## TASK REQUIREMENTS
Each entry must be duplicated precisely, with nothing left out.

## GIVEN ENTRIES
= = = =
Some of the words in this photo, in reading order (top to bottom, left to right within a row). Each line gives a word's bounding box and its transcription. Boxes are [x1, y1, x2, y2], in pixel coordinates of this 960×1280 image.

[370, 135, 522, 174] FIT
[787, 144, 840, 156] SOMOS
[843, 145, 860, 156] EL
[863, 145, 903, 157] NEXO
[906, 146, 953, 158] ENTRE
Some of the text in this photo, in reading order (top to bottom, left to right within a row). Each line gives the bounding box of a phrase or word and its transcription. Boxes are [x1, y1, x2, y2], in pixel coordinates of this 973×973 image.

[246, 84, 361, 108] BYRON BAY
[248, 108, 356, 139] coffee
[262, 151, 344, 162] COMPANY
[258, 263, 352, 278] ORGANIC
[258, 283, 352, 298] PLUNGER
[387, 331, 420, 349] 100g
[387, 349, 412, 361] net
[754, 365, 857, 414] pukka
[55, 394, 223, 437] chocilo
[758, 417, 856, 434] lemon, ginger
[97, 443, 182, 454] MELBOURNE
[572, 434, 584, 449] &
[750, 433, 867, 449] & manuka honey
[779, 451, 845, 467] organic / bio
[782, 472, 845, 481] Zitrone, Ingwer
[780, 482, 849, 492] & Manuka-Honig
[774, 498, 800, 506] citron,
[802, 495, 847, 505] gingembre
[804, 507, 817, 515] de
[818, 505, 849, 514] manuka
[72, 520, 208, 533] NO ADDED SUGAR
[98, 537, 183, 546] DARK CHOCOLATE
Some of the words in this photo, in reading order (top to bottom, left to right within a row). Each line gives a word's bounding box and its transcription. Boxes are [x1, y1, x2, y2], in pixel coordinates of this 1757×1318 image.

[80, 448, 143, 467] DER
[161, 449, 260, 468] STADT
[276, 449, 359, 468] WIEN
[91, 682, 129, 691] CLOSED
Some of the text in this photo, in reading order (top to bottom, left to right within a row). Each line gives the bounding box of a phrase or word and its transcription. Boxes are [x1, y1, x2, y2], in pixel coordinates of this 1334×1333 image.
= = = =
## TASK RESULT
Some of the words in this photo, in reading order (top to bottom, left to right within a row). Each line gives a word's bounding box and its transcription. Boxes are [x1, y1, x2, y2], in pixel coordinates of this 960×1280 image.

[370, 135, 522, 174] FIT
[787, 144, 840, 156] SOMOS
[843, 145, 860, 156] EL
[863, 145, 903, 157] NEXO
[906, 146, 953, 158] ENTRE
Some of the text in this photo, in reading order (top to bottom, left to right within a row). Each line gives the bounding box of a phrase or word and its transcription. Boxes are [x1, y1, x2, y2], in pixel coordinates of this 973×973 image.

[246, 84, 361, 108] BYRON BAY
[248, 108, 356, 139] coffee
[262, 151, 344, 162] COMPANY
[258, 263, 352, 278] ORGANIC
[258, 283, 352, 298] PLUNGER
[387, 331, 420, 349] 100g
[387, 349, 412, 361] net
[754, 365, 857, 414] pukka
[55, 394, 223, 437] chocilo
[758, 417, 856, 434] lemon, ginger
[97, 443, 182, 454] MELBOURNE
[572, 434, 584, 449] &
[750, 433, 867, 449] & manuka honey
[779, 451, 845, 467] organic / bio
[782, 472, 845, 481] Zitrone, Ingwer
[780, 482, 849, 492] & Manuka-Honig
[774, 498, 800, 506] citron,
[802, 495, 847, 505] gingembre
[804, 507, 817, 515] de
[818, 505, 849, 514] manuka
[72, 520, 208, 533] NO ADDED SUGAR
[98, 537, 183, 546] DARK CHOCOLATE
Some of the words in this photo, in reading order (top to bottom, left to right within a row). Each line gives a word's bounding box and its transcription. Boxes are [x1, y1, x2, y2], in pixel coordinates of this 1757×1318 image.

[80, 448, 143, 467] DER
[161, 449, 260, 468] STADT
[276, 449, 359, 468] WIEN
[91, 682, 129, 691] CLOSED
Some of the text in this photo, in reading order (top to bottom, left to right within a row). Each line gives the bounding box of a phrase or word and its transcription. Boxes are [x1, y1, x2, y2], in pixel coordinates of this 1334×1333 image.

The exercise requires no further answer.